Et il y a bien sûr la Journée de Commémoration de l’Holocauste qui tombe opportunément cette semaine. On peut écrire sans fin sur ce chapitre horrible de notre histoire. Qu’est-ce que Gaza comparé à cet horrible événement ?

Que dire de nos médias ?

La triste réalité c’est que les médias israéliens sont redevenus ce qu’ils étaient dans les premiers temps de l’État : un instrument du gouvernement. Il a fallu à mon magazine des dizaines d’années pour briser cette habitude. Pendant de longues années nous avons eu une presse honnête, avec quelques merveilleux journalistes de la presse écrite ou télévisuelle.

Ce n’est plus le cas.

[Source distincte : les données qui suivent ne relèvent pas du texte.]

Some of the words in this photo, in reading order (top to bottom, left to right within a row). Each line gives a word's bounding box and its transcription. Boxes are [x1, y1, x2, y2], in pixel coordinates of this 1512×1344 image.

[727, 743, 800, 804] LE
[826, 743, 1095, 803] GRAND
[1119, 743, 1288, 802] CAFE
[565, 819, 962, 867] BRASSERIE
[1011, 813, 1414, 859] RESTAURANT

Il en reste quelques-uns, mais la majeure partie de la presse est maintenant liée au régime (‟gleichgeschaltet” en allemand). Deux minutes sur Gaza, 20 minutes sur ce qui se passe en Syrie, 10 minutes consacrées à la récente flambée (imaginaire) d’antisémitisme au sein du parti travailliste britannique.

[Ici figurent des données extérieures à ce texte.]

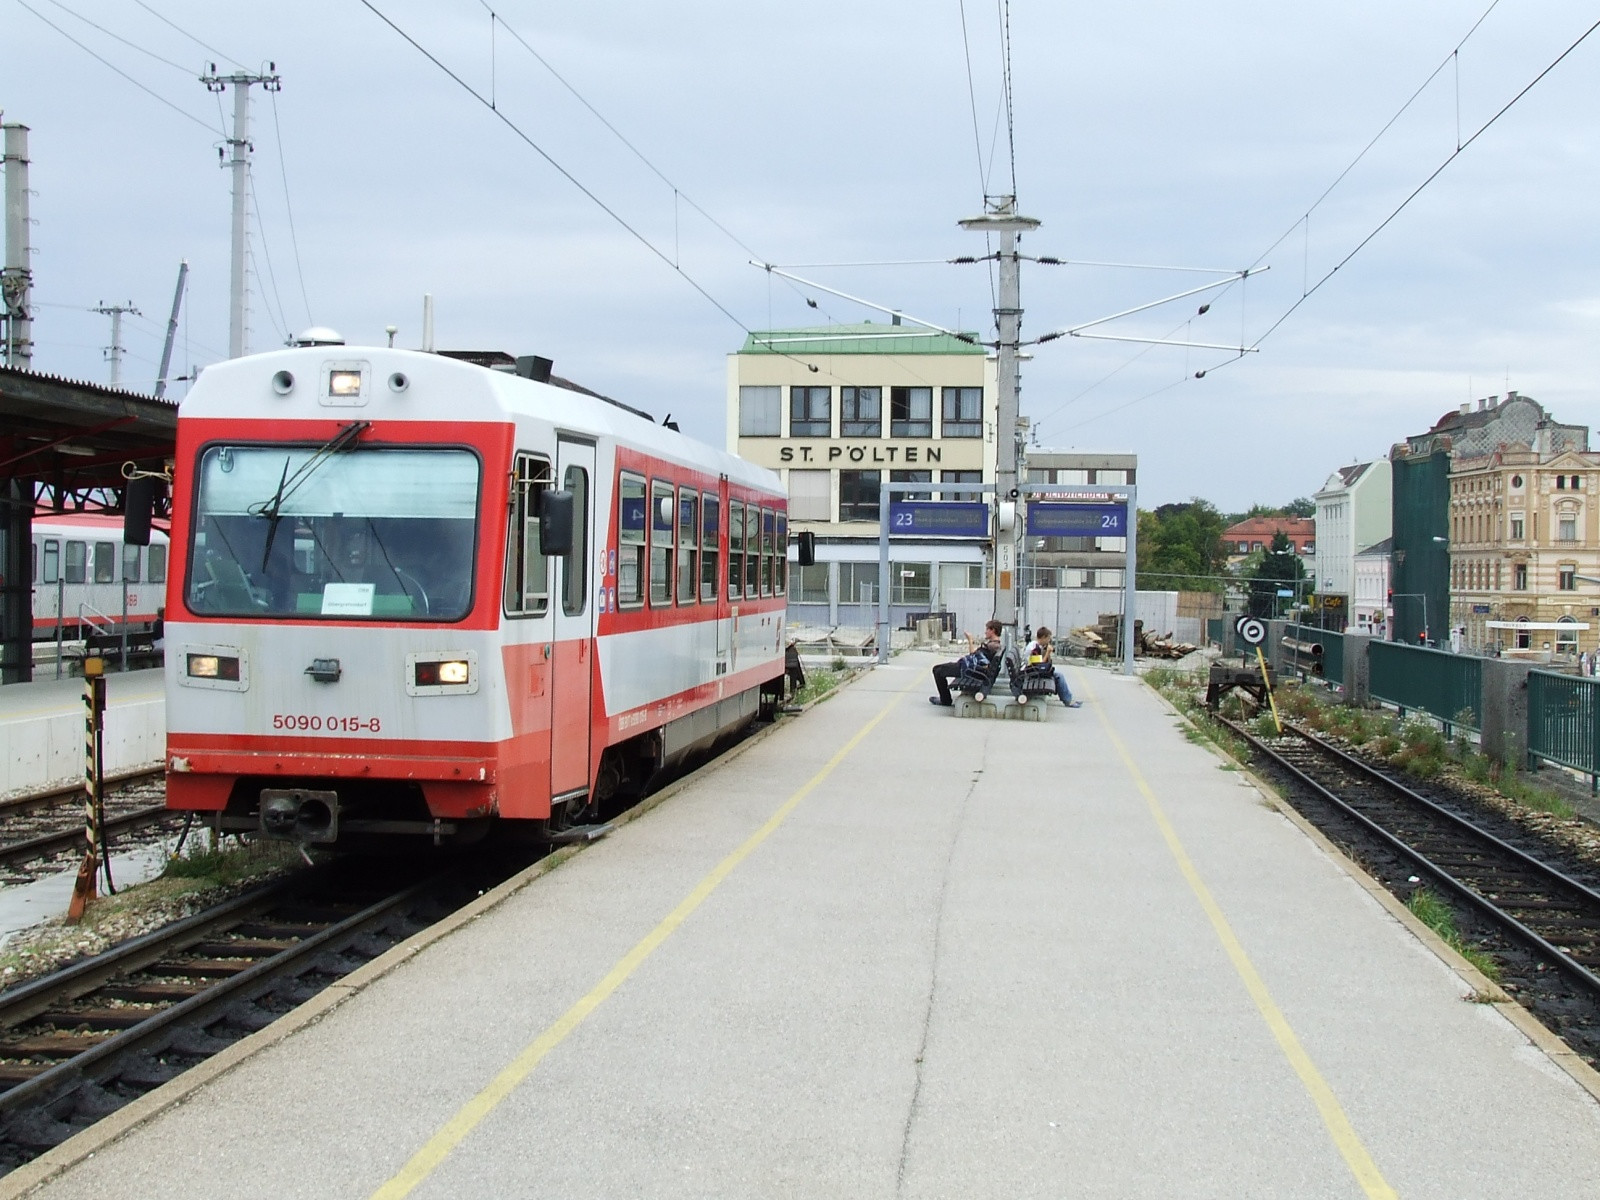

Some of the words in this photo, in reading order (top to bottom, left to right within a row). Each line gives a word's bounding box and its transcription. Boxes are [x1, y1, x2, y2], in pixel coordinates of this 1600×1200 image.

[780, 446, 814, 462] ST.
[828, 445, 942, 462] PÖLTEN
[896, 513, 913, 527] 23
[1101, 515, 1119, 529] 24
[87, 544, 94, 567] 2
[273, 714, 323, 731] 5090
[326, 715, 382, 733] 015-8

La plupart des journalistes, tous des gens honnêtes et bien intentionnés, n’ont même pas conscience de ce qu’ils font (ou ne font pas). Ils sont innocents de toutes autres pensées.

Où est la ‟Gauche” ? Où est le soi-disant ‟Centre” ?

Ils n’ont pas disparu comme certains le déplorent. Loin de là. Un glissement de quelques pourcents ou un basculement de l’un des petits partis suffirait à renverser Benjamin Nétanyahou.

Mais ils semblent tous paralysés. Personne n’ose se prononcer contre les tueries sauf à voix basse. Même les nombreux groupes admirables de jeunes qui luttent contre l’occupation, chacun sur un secteur particulier, gardent le silence sur les tueries de Gaza.

Aucune manifestation de masse. Aucune grande protestation. Rien.

Alors nous aussi sommes à blâmer. Et peut-être plus que d’autres.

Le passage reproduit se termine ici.